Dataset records
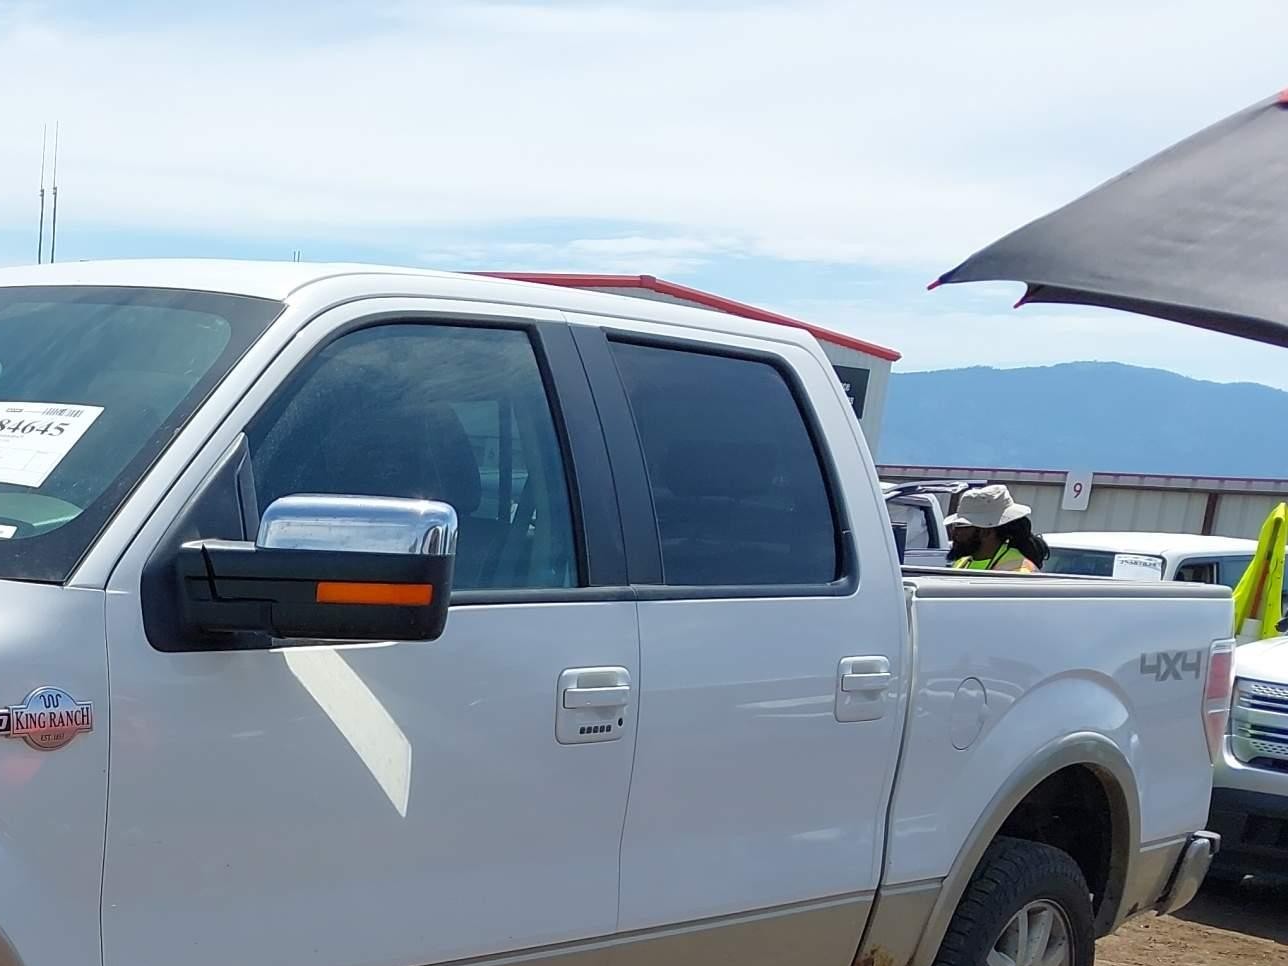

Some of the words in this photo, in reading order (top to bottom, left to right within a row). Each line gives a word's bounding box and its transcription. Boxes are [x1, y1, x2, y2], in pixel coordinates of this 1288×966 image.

[1073, 482, 1083, 499] 9
[15, 711, 46, 731] KING
[49, 706, 90, 728] RANCH
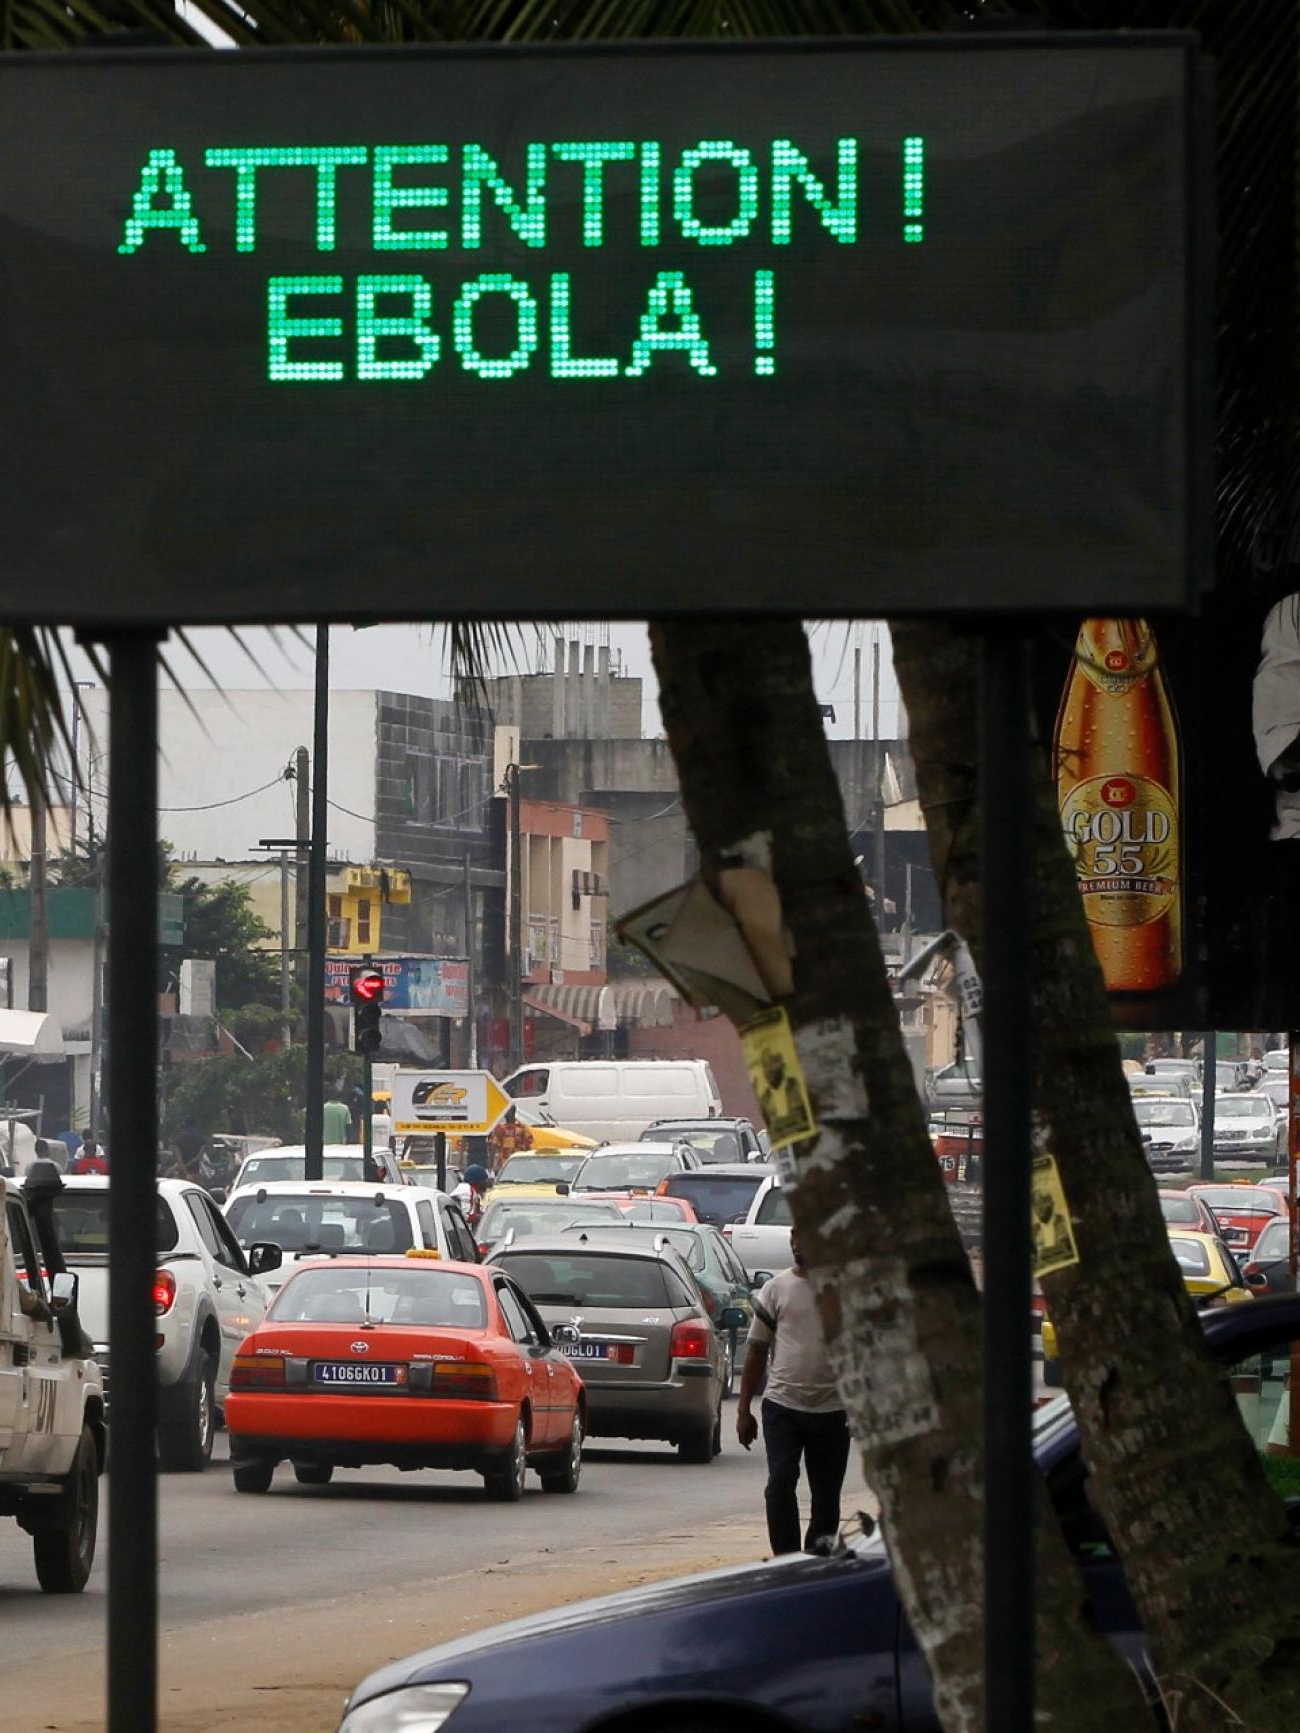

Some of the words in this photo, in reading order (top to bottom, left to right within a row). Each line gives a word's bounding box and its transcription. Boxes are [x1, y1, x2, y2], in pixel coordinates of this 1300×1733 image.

[117, 138, 857, 255] ATTENTION
[904, 136, 924, 243] !
[267, 270, 718, 380] EBOLA
[754, 269, 775, 375] !
[1067, 810, 1169, 844] GOLD
[322, 1366, 386, 1380] 4106GK01

BRIEF: Give exactly, and nothing besides, the lines from the one in which "this 1300×1733 image." occurs through the end of the records.

RESPONSE AREA:
Some of the words in this photo, in reading order (top to bottom, left to right within a row). Each line gives a word's bounding box and its transcription. Boxes are [x1, y1, x2, y2], in pixel coordinates of this 1300×1733 image.

[117, 138, 857, 255] ATTENTION
[904, 136, 924, 243] !
[267, 270, 718, 380] EBOLA
[754, 269, 775, 375] !
[1067, 810, 1169, 844] GOLD
[322, 1366, 386, 1380] 4106GK01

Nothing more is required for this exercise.